Opilioacaridae is the sole family of mites in the order Opilioacarida, made up of about 14 genera. The mites of this family are rare, large (1.5 to 2.5 mm) mites, and are widely considered primitive, as they retain six pairs of eyes, and abdominal segmentation. They have historically been considered separate from other mites belonging to Acariformes and Parasitiformes, but are now generally considered a subgroup of Parasitiformes based on molecular phylogenetics.

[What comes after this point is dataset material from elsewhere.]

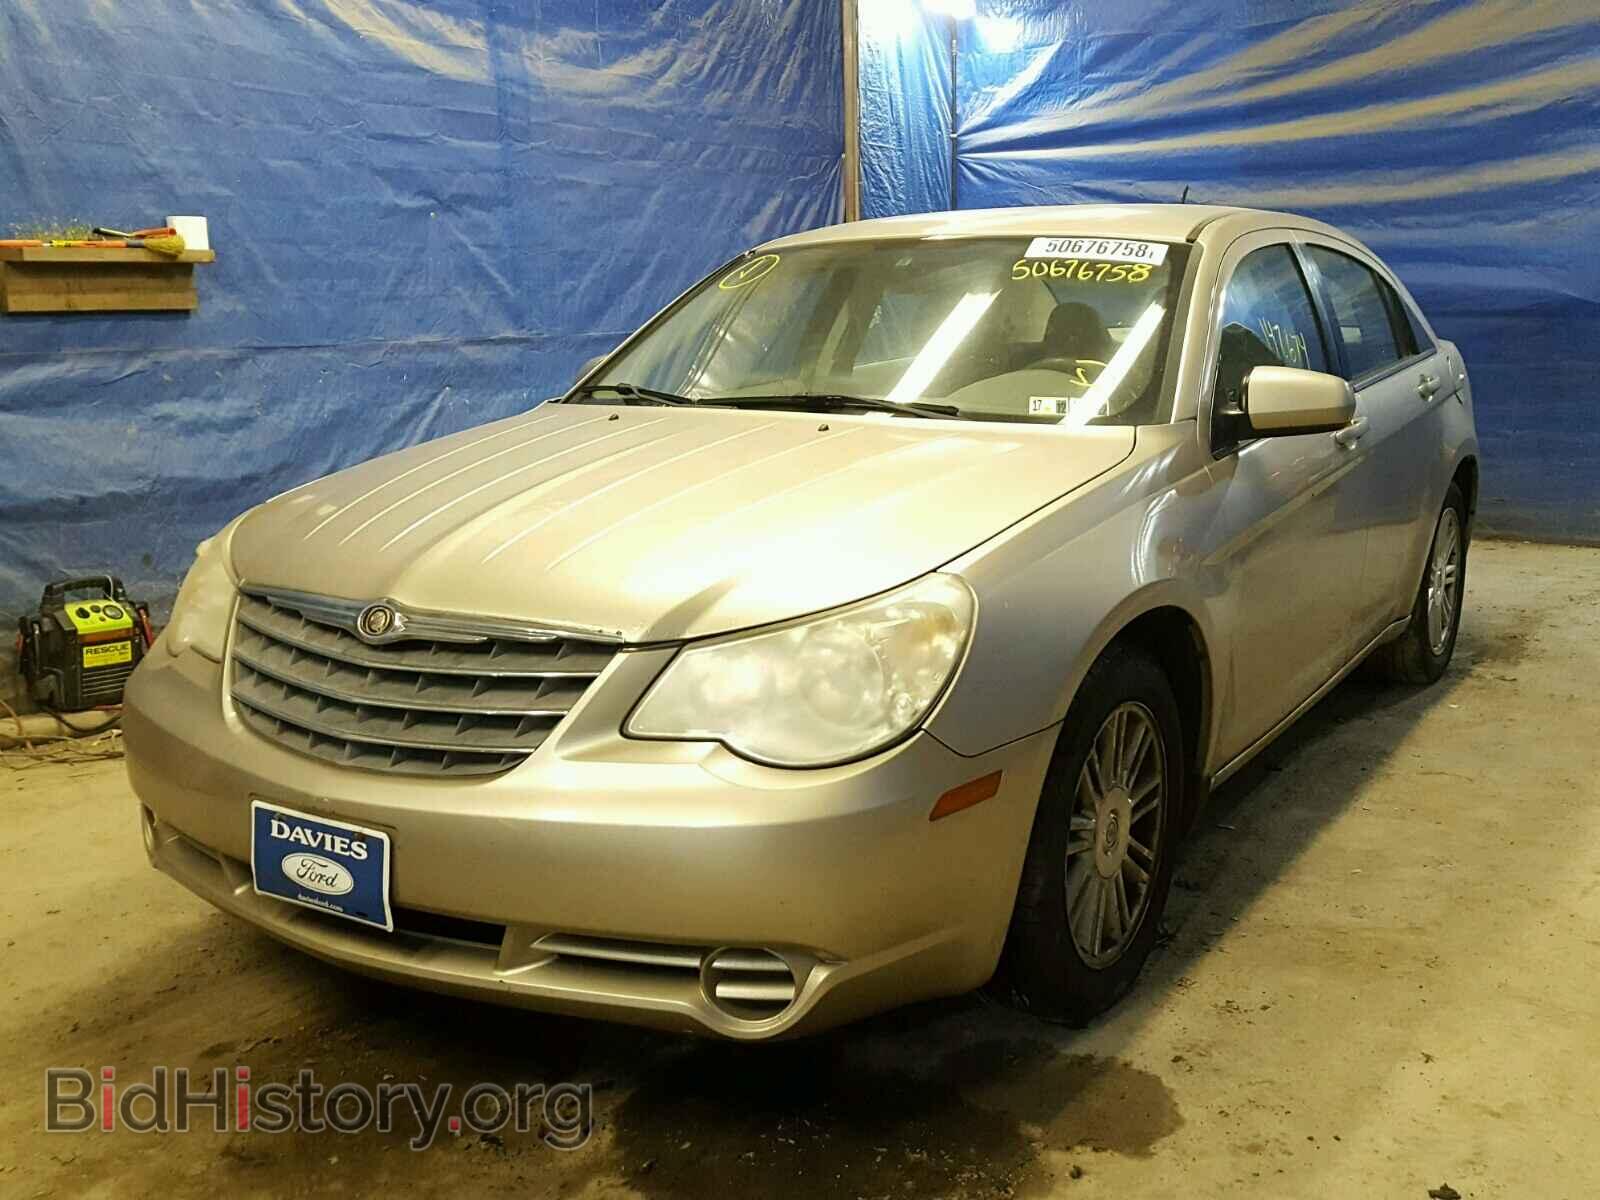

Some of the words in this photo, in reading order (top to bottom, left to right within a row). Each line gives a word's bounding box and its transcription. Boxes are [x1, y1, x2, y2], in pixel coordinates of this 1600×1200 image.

The first member of the Opilioacarida to be discovered was the Algerian species Opilioacarus segmentatus, which was described by Carl Johannes With in 1902, followed by the Sicilian Eucarus italicus and Eucarus arabicus from Aden, both in 1904. Two fossil specimens are known, one of which was discovered in Baltic amber from the Eocene, while the other one was discovered in the Burmese amber from the Late Cretaceous (Cenomanian) around 99 million years old, tentatively assigned to the living genus Opilioacarus.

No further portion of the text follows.